DefenseCode Web Security Scanner is a DAST (Dynamic Application Security Testing) product for testing security of live web sites and web applications. All security scanning and vulnerability detection features available in the full version of the scanner are also available in the Community Edition. There are no limitations in vulnerability detection.
You will be able to scan for SQL Injection, Blind SQL Injection, Cross Site Scripting, Command Execution, Path Traversal, Code Injection, HTTP Response Splitting and 50 other vulnerability types including OWASP TOP 10 and thousands of CVE described vulnerabilities. Moreover, the scanner will even detect if there is a some sort of WAF (Web Application Firewall) in front of the web site that you are scanning.
Although the scanner can be used as click-and-run tool, it is also easily configured for advanced security testing. You can configure a number of collected links, depth of scan, number of threads, custom 404 pages, scanning exclusions, vulnerability types that you want to scan for and many more.
Beside straightforward security scans, there is also a possibility to set post-authentication web security scanning.
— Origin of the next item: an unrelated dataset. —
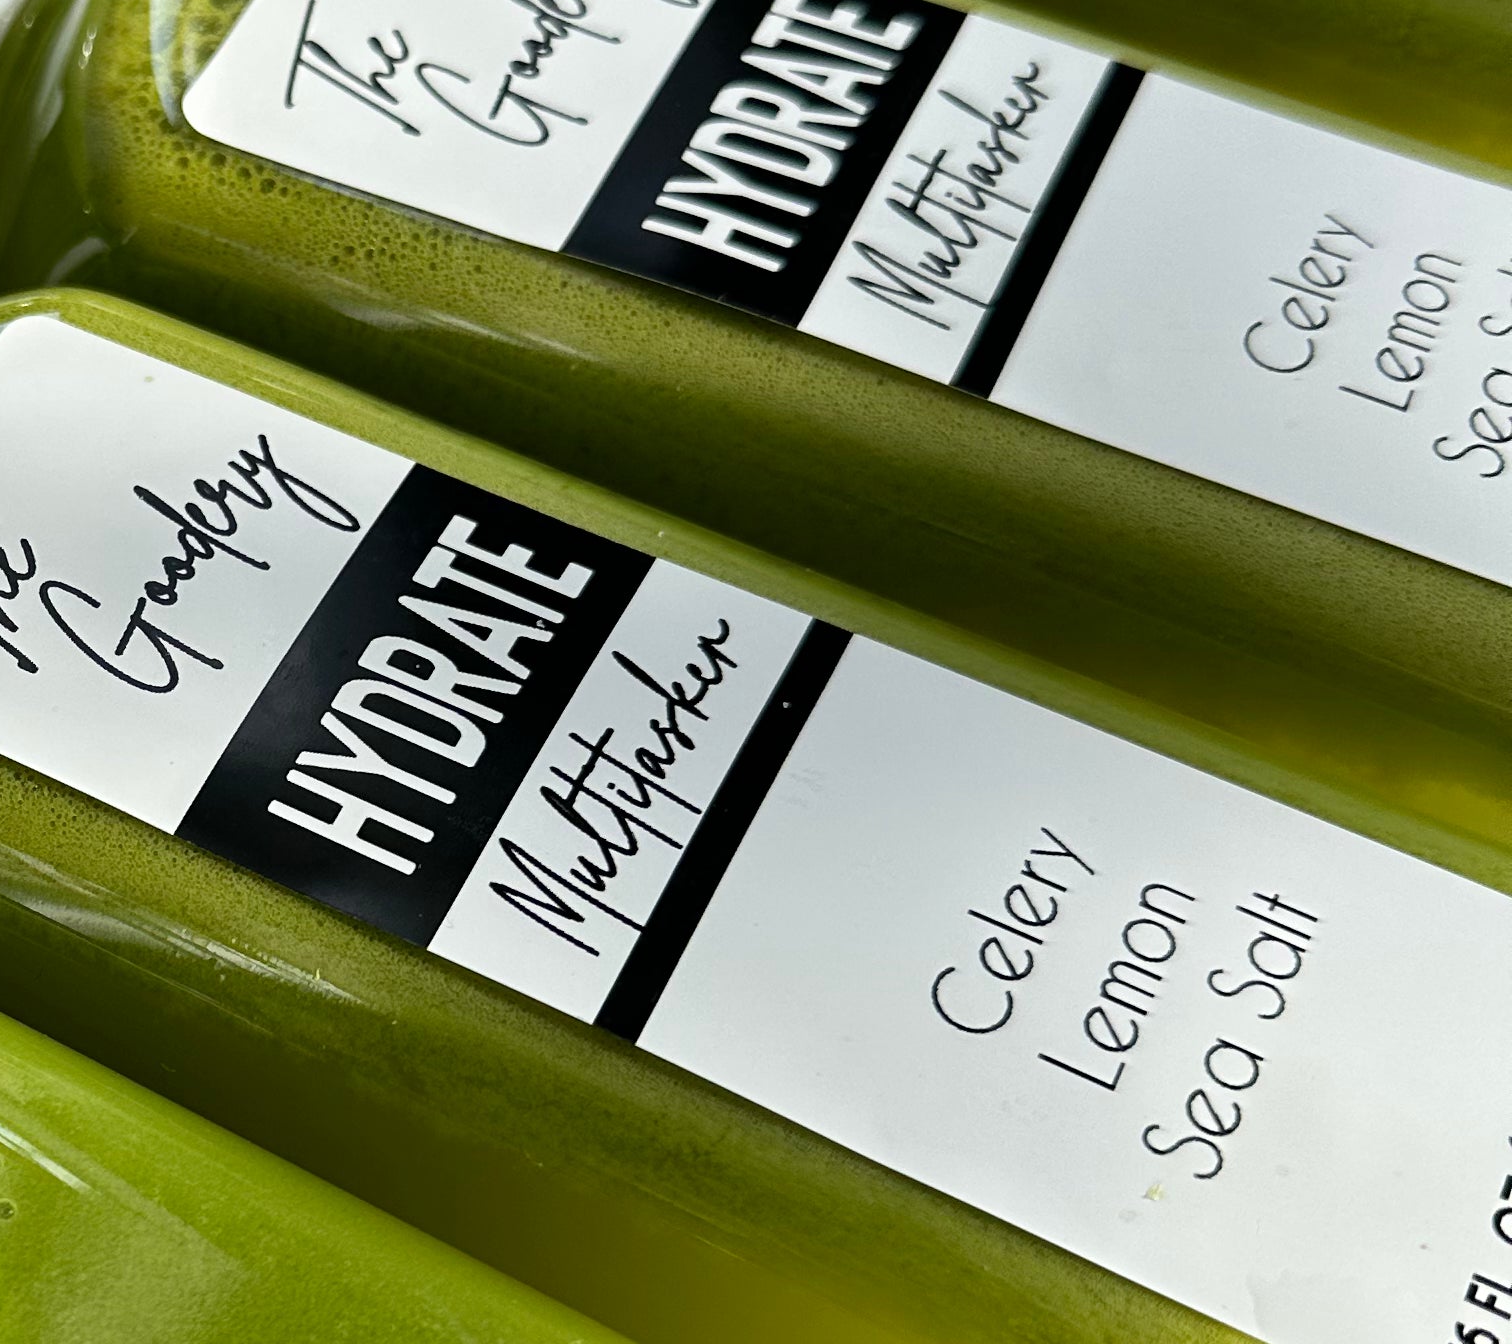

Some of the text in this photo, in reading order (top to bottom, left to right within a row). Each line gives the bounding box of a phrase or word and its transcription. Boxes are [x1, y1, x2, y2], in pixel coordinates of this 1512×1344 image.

DefenseCode Web Security Scanner supports web based authentication with Basic, digest and NTLM authentication, client SSL cert authentication, custom cookie authentication and complete authentication process recorder for HTML form based authentication. Within the scanner there is also an HTTP proxy incorporated for recording much more complicated login procedures.
Along with the web security scanning capabilities there are also additional security tools like HTTP Request Composer, Authentication Tester, URL Fuzzer and Authentication Recorder.